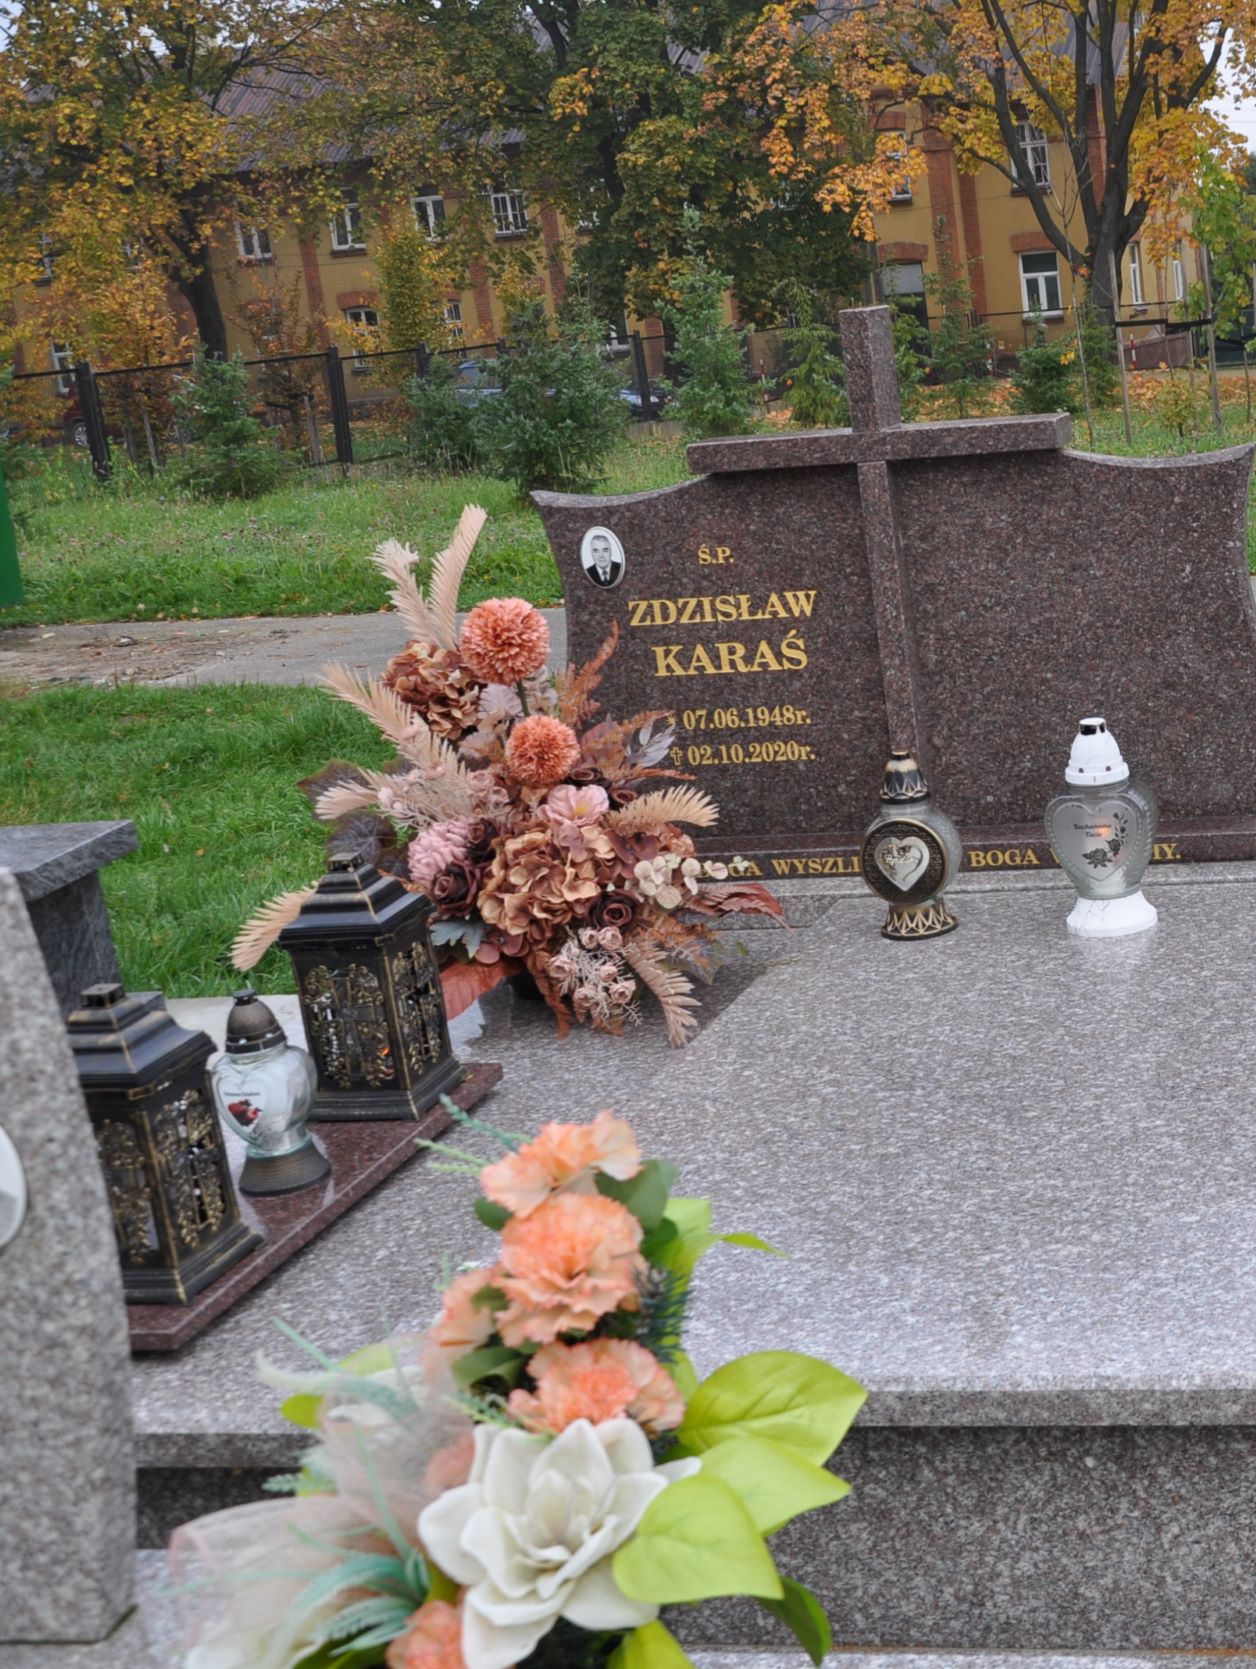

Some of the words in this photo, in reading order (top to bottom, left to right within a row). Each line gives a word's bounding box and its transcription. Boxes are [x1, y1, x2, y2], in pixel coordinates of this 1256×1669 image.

[697, 543, 735, 565] Ś.P.
[628, 589, 818, 627] ZDZISŁAW
[651, 629, 809, 677] KARAŚ
[682, 704, 812, 731] 07.06.1948r.
[687, 740, 816, 766] 02.10.2020r.
[696, 861, 763, 879] BGA
[771, 856, 862, 876] WYSZLI
[968, 848, 1040, 868] BOGA
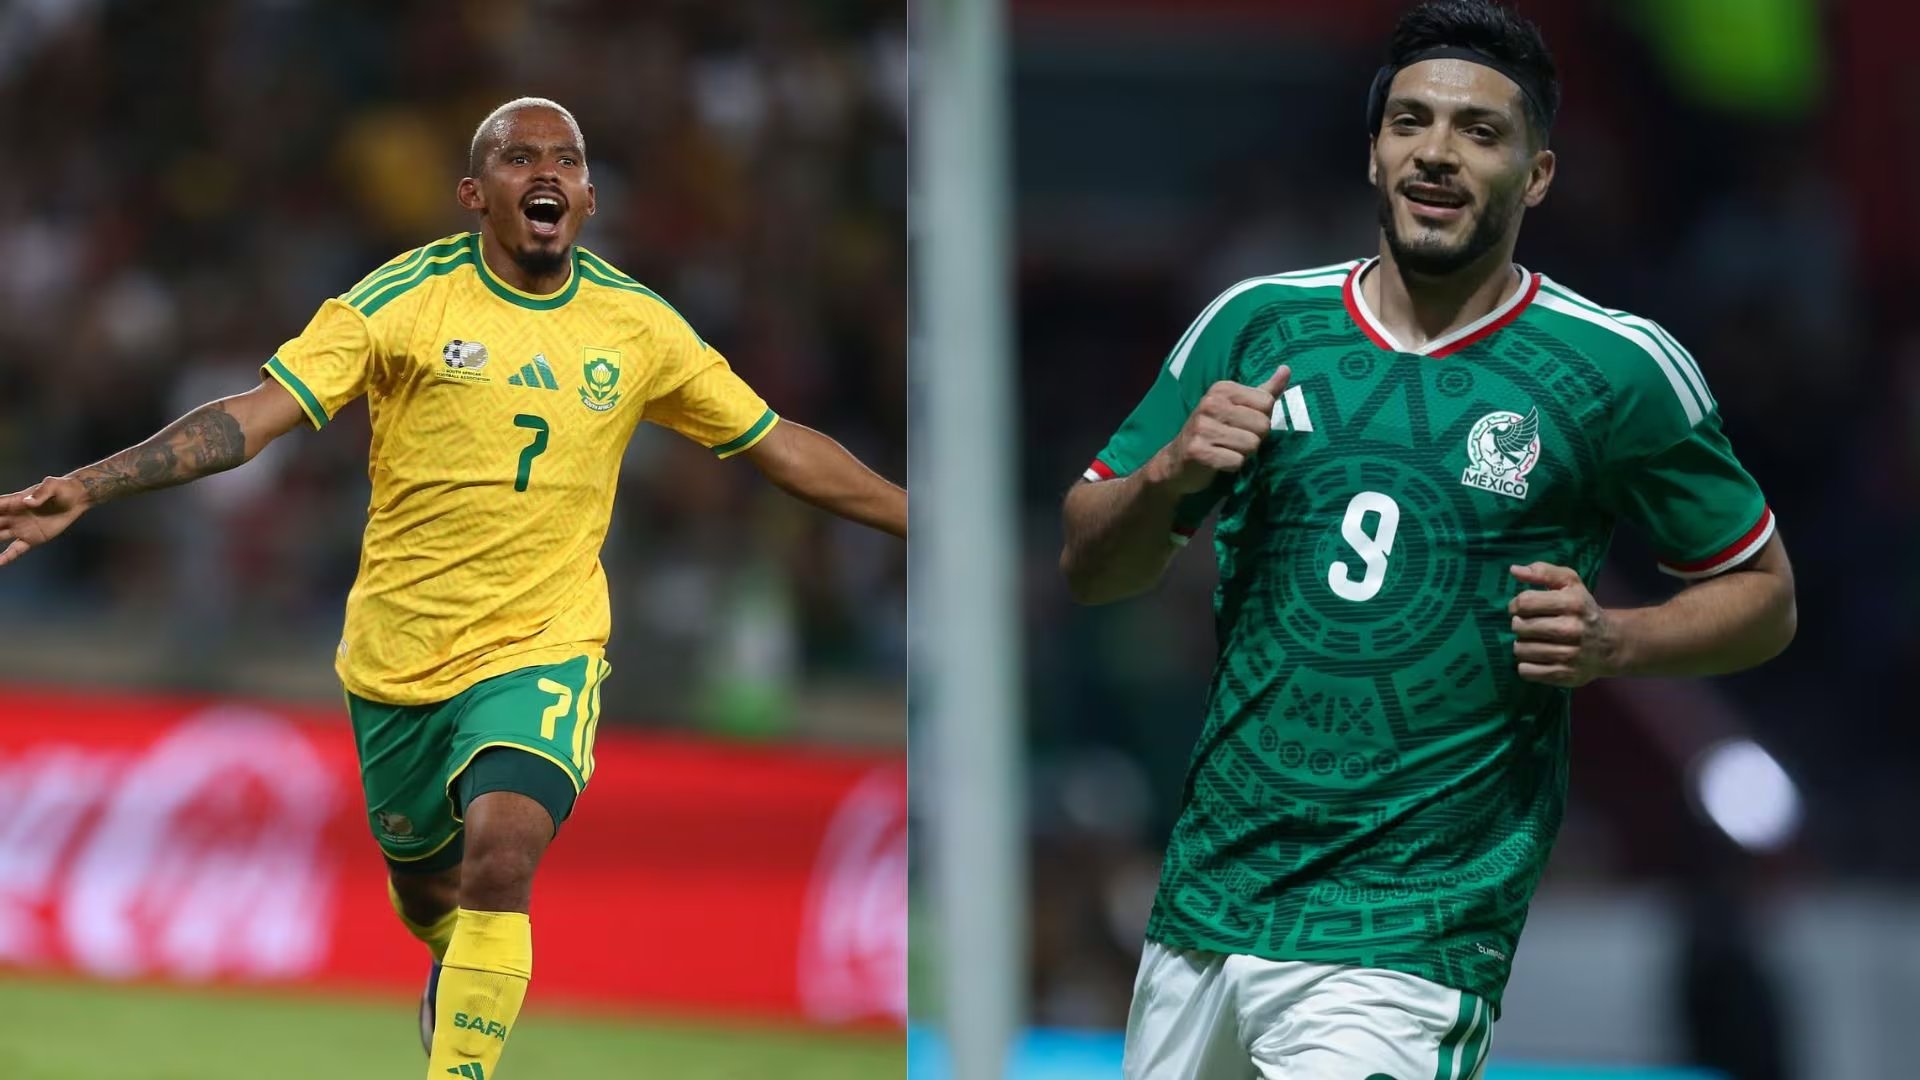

_BRIEF_
In the copy, each entry above must match exactly, and no picture may be carried over.

_ANSWER SECTION_
Some of the words in this photo, in reading order (top to bottom, left to right within a row). Each line gives a word's bounding box and its transcription. Boxes are [x1, y1, x2, y2], in pixel coordinates of this 1256×1669 image.

[697, 543, 735, 565] Ś.P.
[628, 589, 818, 627] ZDZISŁAW
[651, 629, 809, 677] KARAŚ
[682, 704, 812, 731] 07.06.1948r.
[687, 740, 816, 766] 02.10.2020r.
[696, 861, 763, 879] BGA
[771, 856, 862, 876] WYSZLI
[968, 848, 1040, 868] BOGA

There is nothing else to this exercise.